Eine Folge davon: Vom Jahr 2011 bis 2020 ist die Rate der Antipsychotika-Therapien in jungen Jahren um 16 Prozent hochgeschnellt, berichten Jugendpsychiater vom Uniklinikum Ulm. Die Arzneien würden zudem zunehmend außerhalb der Indikation eingesetzt. Konkret kämen diese bei Kindern und Jugendlichen zunehmend auch bei Unruhe, Angst und Schlafstörungen zum Einsatz. Die Medikamente seien aber eigentlich gegen Erkrankungen wie Schizophrenie oder bipolare Störungen vorgesehen, bekräftigt Professor Christian Bachmann von dem Klinikum.

Der Leiter der AG Versorgungsforschung an der Klinik für Kinder- und Jugendpsychiatrie/ Psychotherapie und sein Team haben zusammen mit weiteren Instituten, Unis und dem Zentralinstitut für die kassenärztliche Versorgung in Berlin ermittelt, dass im 10-Jahres-Zeitraum die Rate der mit typischen Antipsychotika (AP der ersten Generation) Behandelten pro 1.000 Kinder und Jugendliche von 1,16 auf 1,35 und damit um 16 Prozent angewachsen ist. Die Rate von Behandelten mit atypischen Antipsychotika (moderne AP) stieg sogar von 2,35 auf 2,75 pro 1.000 und (17 Prozent). Besonders stark war danach die Zunahme bei Mädchen (Front Psychiatry. 2023; online 12. Dezember).

Der markante Anstieg des AP-Gebrauchs bei 15- bis 19-jährigen Mädchen und jungen Frauen ist laut Bachmann größtenteils auf eine vermehrte Anwendung des atypischen Antipsychotikums Quetiapin zurückzuführen. Ursache hierfür könnte der unzureichende Zugang zu psychosozialen Therapien sein. Die Folge sei auch hierbei schwerwiegend: Denn nach Studiendaten ist das Risiko für unerwünschte Veränderungen im Stoffwechsel sowie für schwerwiegende kardiovaskuläre Ereignisse selbst bei niedrigdosiertem Quetiapin-Gebrauch erhöht.

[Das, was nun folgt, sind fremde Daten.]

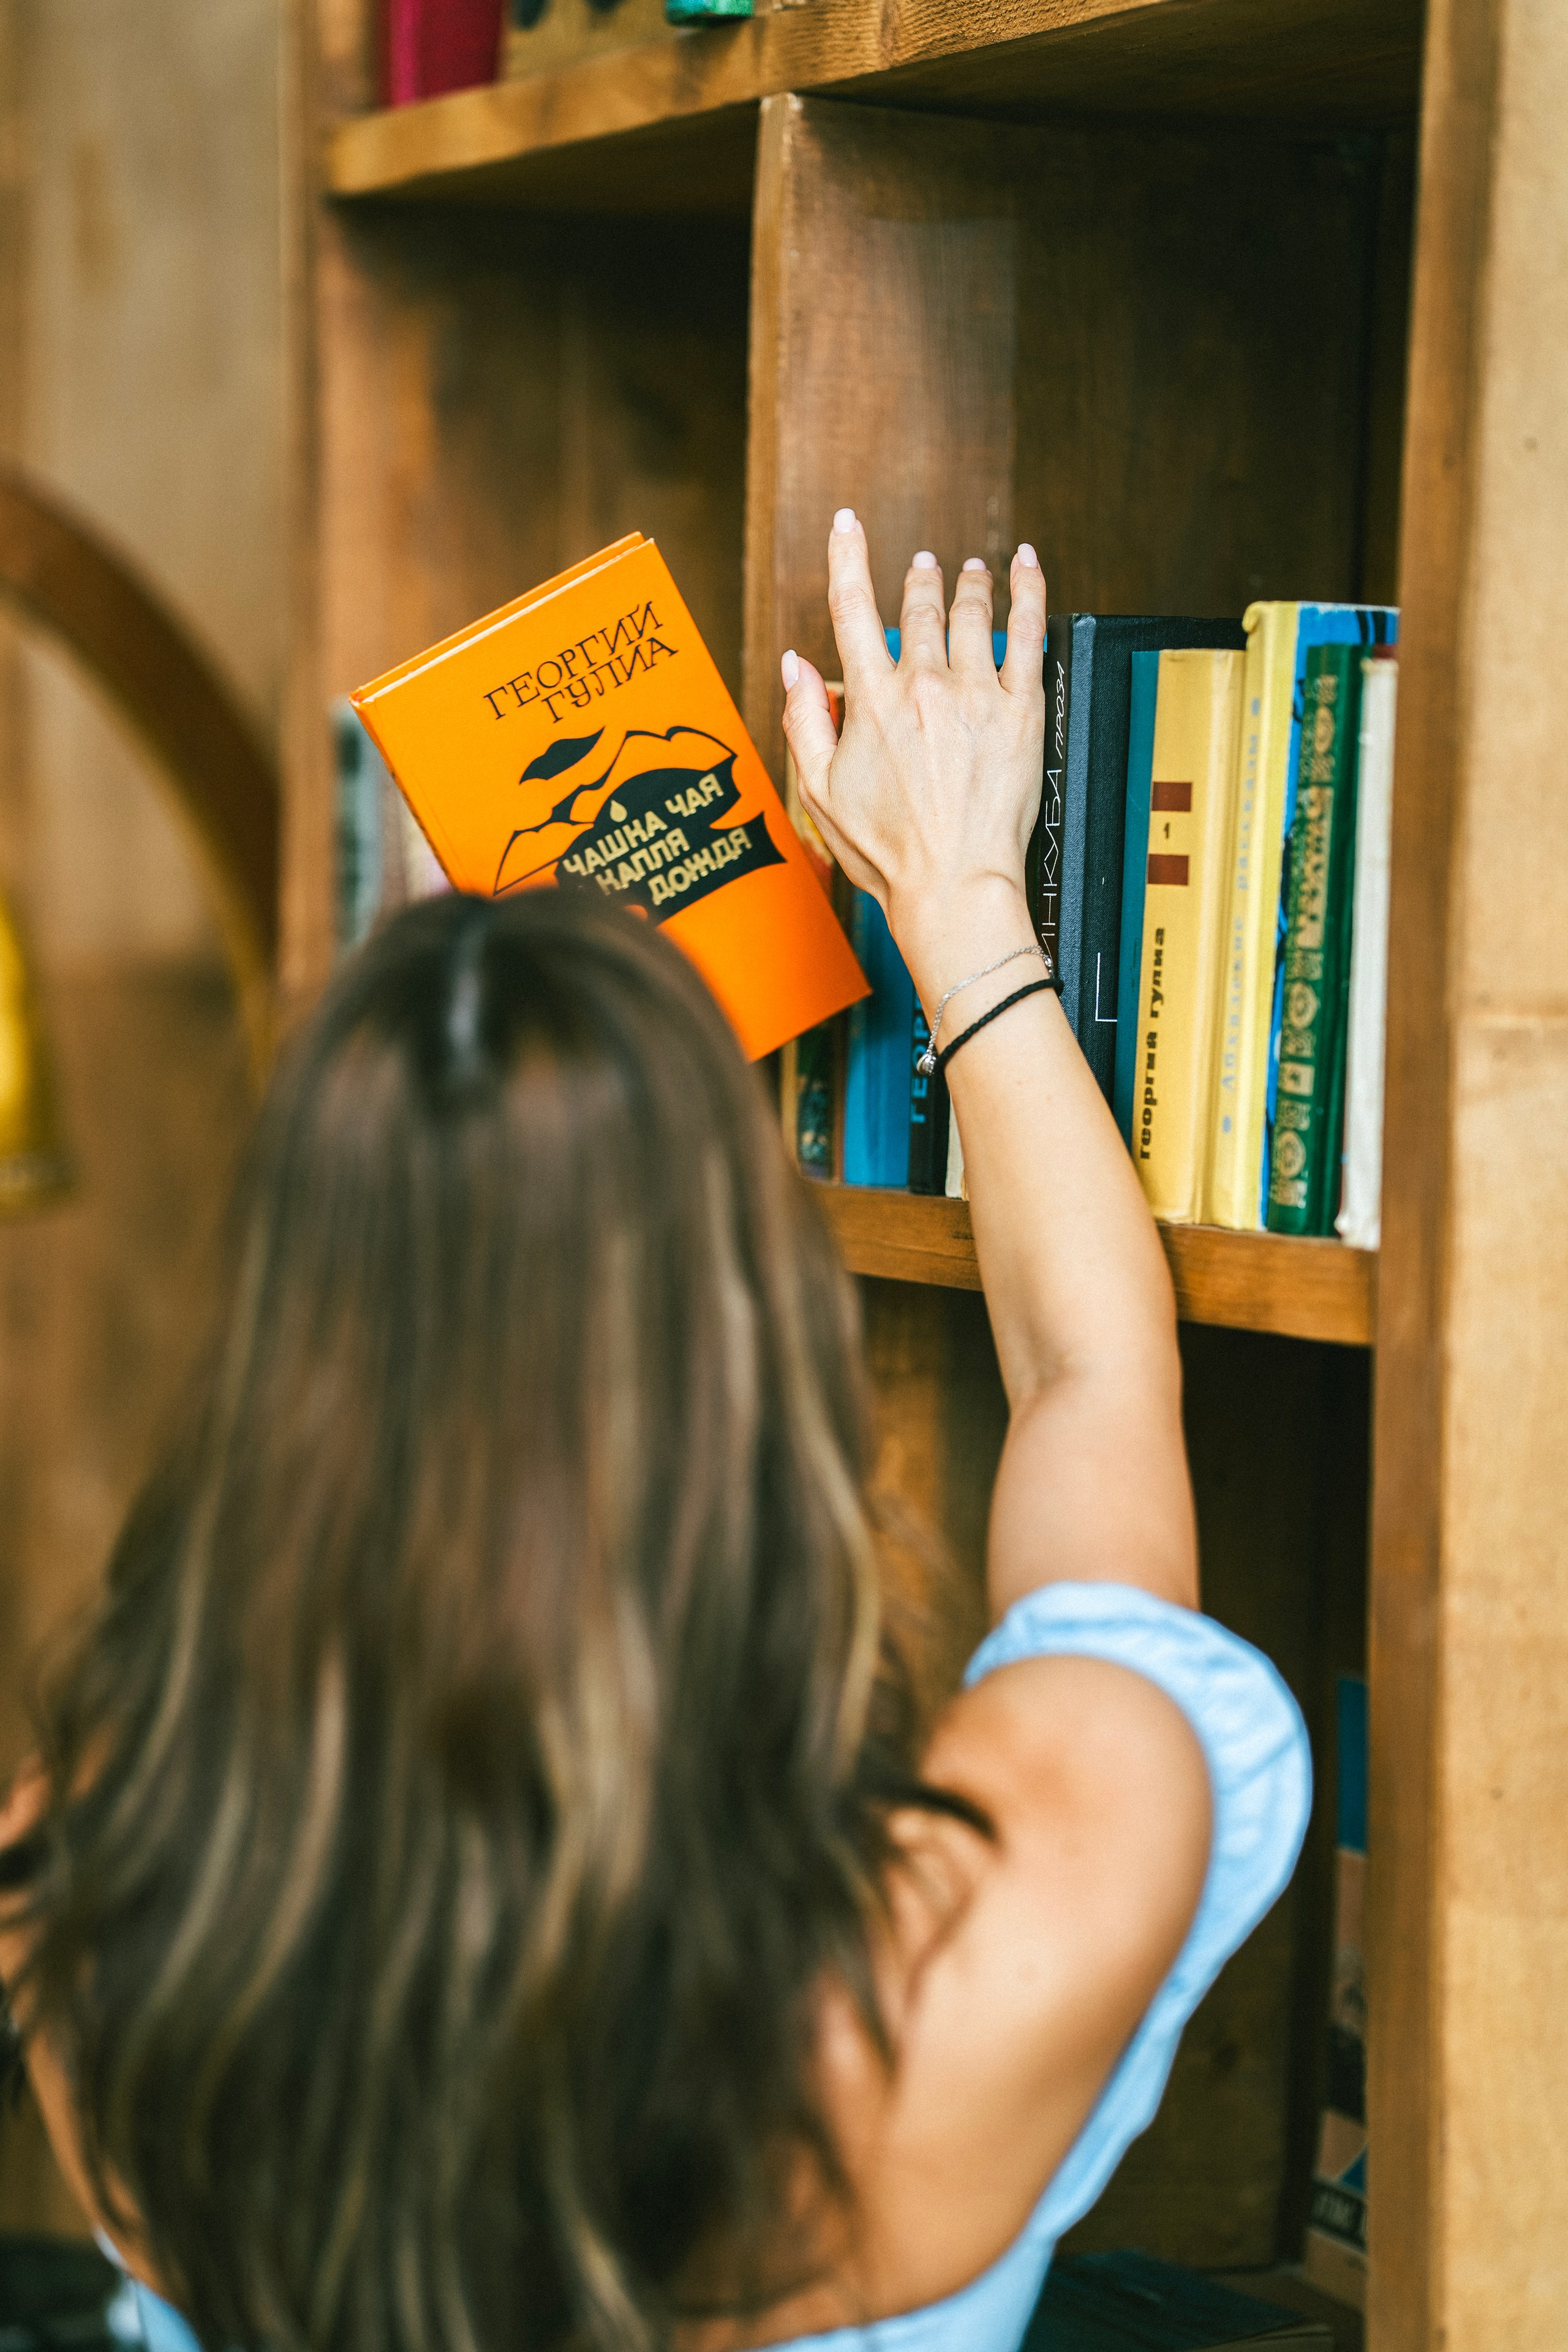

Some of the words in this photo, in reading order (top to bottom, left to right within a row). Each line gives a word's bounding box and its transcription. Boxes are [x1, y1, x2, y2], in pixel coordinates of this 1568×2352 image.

Aufgrund des deutlichen Anstiegs der Verordnungen sowie des Datenmangels in dieser vulnerablen Gruppe empfehlen die Forschenden, die Sicherheit des Quetiapin-Gebrauchs bei Kindern und Jugendlichen weiter zu untersuchen. Darüber hinaus müsste die Einführung von Monitoring-Maßnahmen – etwa restriktivere Verschreibungsrichtlinien oder Schulungen für Verschreiber – entscheidend vorangetrieben werden.